● **Exercise objective**: Repeat every record below exactly as written.
Start of Data
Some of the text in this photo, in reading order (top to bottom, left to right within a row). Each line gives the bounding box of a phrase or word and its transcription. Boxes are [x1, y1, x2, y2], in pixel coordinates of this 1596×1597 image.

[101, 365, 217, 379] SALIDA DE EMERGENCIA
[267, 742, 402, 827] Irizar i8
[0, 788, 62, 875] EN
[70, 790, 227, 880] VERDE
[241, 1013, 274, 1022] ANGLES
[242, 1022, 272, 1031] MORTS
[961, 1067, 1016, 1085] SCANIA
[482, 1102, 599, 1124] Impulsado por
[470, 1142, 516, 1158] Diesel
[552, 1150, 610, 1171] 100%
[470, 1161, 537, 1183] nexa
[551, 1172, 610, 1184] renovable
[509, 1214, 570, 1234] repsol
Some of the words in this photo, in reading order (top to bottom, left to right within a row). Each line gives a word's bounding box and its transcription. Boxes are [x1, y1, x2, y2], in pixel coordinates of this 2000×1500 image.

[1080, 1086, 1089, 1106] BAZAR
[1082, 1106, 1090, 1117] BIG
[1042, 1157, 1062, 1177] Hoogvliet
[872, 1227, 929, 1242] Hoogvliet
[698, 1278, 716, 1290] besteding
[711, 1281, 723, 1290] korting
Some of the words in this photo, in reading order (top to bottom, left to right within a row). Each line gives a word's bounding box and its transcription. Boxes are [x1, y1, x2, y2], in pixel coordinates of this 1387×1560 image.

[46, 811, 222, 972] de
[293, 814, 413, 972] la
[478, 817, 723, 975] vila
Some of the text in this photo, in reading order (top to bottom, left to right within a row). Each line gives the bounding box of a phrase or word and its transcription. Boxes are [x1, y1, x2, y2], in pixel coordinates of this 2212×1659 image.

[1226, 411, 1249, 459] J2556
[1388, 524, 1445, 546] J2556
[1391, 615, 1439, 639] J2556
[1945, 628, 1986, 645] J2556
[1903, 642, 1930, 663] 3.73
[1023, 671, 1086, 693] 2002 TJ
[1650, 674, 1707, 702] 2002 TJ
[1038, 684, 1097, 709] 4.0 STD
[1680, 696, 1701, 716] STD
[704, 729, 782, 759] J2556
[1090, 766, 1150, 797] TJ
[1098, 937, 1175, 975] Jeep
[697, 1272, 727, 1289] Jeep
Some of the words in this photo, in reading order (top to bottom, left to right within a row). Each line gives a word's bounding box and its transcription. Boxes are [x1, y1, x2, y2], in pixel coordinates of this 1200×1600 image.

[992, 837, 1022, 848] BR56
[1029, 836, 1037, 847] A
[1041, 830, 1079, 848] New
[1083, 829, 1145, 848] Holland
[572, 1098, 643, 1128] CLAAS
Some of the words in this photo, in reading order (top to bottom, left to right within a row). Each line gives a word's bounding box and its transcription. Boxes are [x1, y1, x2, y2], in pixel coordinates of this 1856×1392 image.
End of Data
● **Answer to the problem**:
Some of the text in this photo, in reading order (top to bottom, left to right within a row). Each line gives the bounding box of a phrase or word and its transcription. Boxes are [x1, y1, x2, y2], in pixel coordinates of this 1596×1597 image.

[101, 365, 217, 379] SALIDA DE EMERGENCIA
[267, 742, 402, 827] Irizar i8
[0, 788, 62, 875] EN
[70, 790, 227, 880] VERDE
[241, 1013, 274, 1022] ANGLES
[242, 1022, 272, 1031] MORTS
[961, 1067, 1016, 1085] SCANIA
[482, 1102, 599, 1124] Impulsado por
[470, 1142, 516, 1158] Diesel
[552, 1150, 610, 1171] 100%
[470, 1161, 537, 1183] nexa
[551, 1172, 610, 1184] renovable
[509, 1214, 570, 1234] repsol
Some of the words in this photo, in reading order (top to bottom, left to right within a row). Each line gives a word's bounding box and its transcription. Boxes are [x1, y1, x2, y2], in pixel coordinates of this 2000×1500 image.

[1080, 1086, 1089, 1106] BAZAR
[1082, 1106, 1090, 1117] BIG
[1042, 1157, 1062, 1177] Hoogvliet
[872, 1227, 929, 1242] Hoogvliet
[698, 1278, 716, 1290] besteding
[711, 1281, 723, 1290] korting
Some of the words in this photo, in reading order (top to bottom, left to right within a row). Each line gives a word's bounding box and its transcription. Boxes are [x1, y1, x2, y2], in pixel coordinates of this 1387×1560 image.

[46, 811, 222, 972] de
[293, 814, 413, 972] la
[478, 817, 723, 975] vila
Some of the text in this photo, in reading order (top to bottom, left to right within a row). Each line gives the bounding box of a phrase or word and its transcription. Boxes are [x1, y1, x2, y2], in pixel coordinates of this 2212×1659 image.

[1226, 411, 1249, 459] J2556
[1388, 524, 1445, 546] J2556
[1391, 615, 1439, 639] J2556
[1945, 628, 1986, 645] J2556
[1903, 642, 1930, 663] 3.73
[1023, 671, 1086, 693] 2002 TJ
[1650, 674, 1707, 702] 2002 TJ
[1038, 684, 1097, 709] 4.0 STD
[1680, 696, 1701, 716] STD
[704, 729, 782, 759] J2556
[1090, 766, 1150, 797] TJ
[1098, 937, 1175, 975] Jeep
[697, 1272, 727, 1289] Jeep
Some of the words in this photo, in reading order (top to bottom, left to right within a row). Each line gives a word's bounding box and its transcription. Boxes are [x1, y1, x2, y2], in pixel coordinates of this 1200×1600 image.

[992, 837, 1022, 848] BR56
[1029, 836, 1037, 847] A
[1041, 830, 1079, 848] New
[1083, 829, 1145, 848] Holland
[572, 1098, 643, 1128] CLAAS
Some of the words in this photo, in reading order (top to bottom, left to right within a row). Each line gives a word's bounding box and its transcription. Boxes are [x1, y1, x2, y2], in pixel coordinates of this 1856×1392 image.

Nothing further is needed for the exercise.